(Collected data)
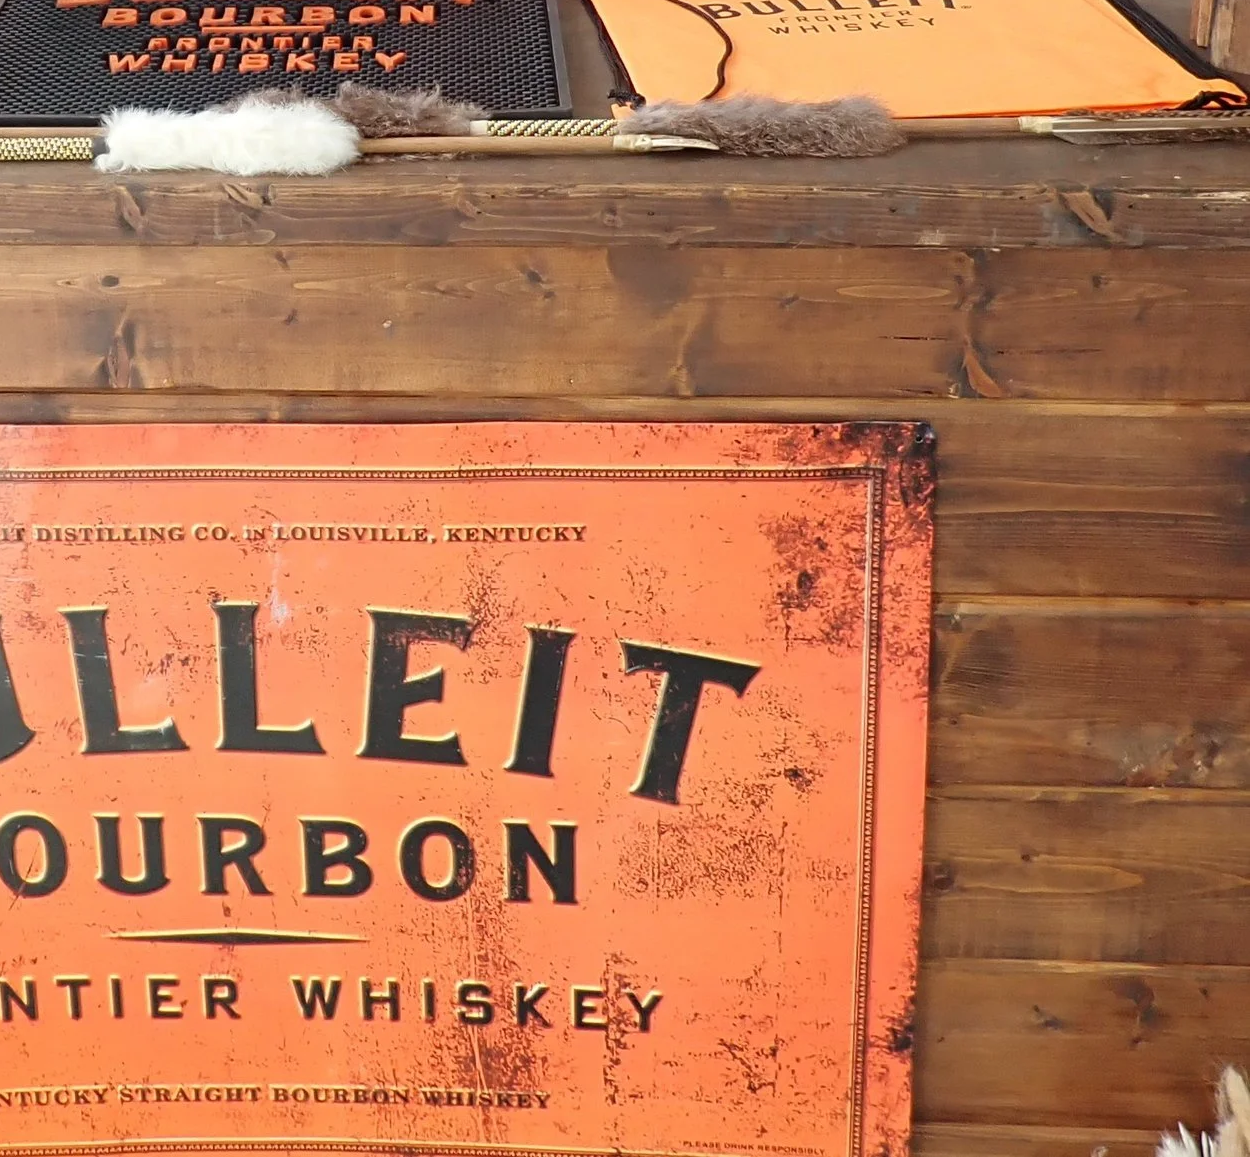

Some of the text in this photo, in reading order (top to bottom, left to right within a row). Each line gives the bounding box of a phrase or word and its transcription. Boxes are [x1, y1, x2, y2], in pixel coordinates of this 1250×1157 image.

[102, 4, 436, 28] BOURBON
[779, 10, 914, 24] FRONTIER
[768, 17, 936, 35] WHISKEY
[147, 35, 374, 52] FRONTIER
[108, 51, 407, 74] WHISKEY
[34, 524, 186, 542] DISTILLING
[446, 525, 587, 543] KENTUCKY
[290, 975, 664, 1034] WHISKEY
[117, 1085, 262, 1104] STRAIGHT
[270, 1085, 410, 1105] BOURBON
[420, 1087, 551, 1110] WHISKEY
[683, 1140, 826, 1156] PLEASE DRINK RESPONSIBLY

### Instructions for the task
Set the data above down again exactly as given, with no pictures.

### Solution for this problem
Some of the text in this photo, in reading order (top to bottom, left to right within a row). Each line gives the bounding box of a phrase or word and its transcription. Boxes are [x1, y1, x2, y2], in pixel coordinates of this 1250×1157 image.

[102, 4, 436, 28] BOURBON
[779, 10, 914, 24] FRONTIER
[768, 17, 936, 35] WHISKEY
[147, 35, 374, 52] FRONTIER
[108, 51, 407, 74] WHISKEY
[34, 524, 186, 542] DISTILLING
[446, 525, 587, 543] KENTUCKY
[290, 975, 664, 1034] WHISKEY
[117, 1085, 262, 1104] STRAIGHT
[270, 1085, 410, 1105] BOURBON
[420, 1087, 551, 1110] WHISKEY
[683, 1140, 826, 1156] PLEASE DRINK RESPONSIBLY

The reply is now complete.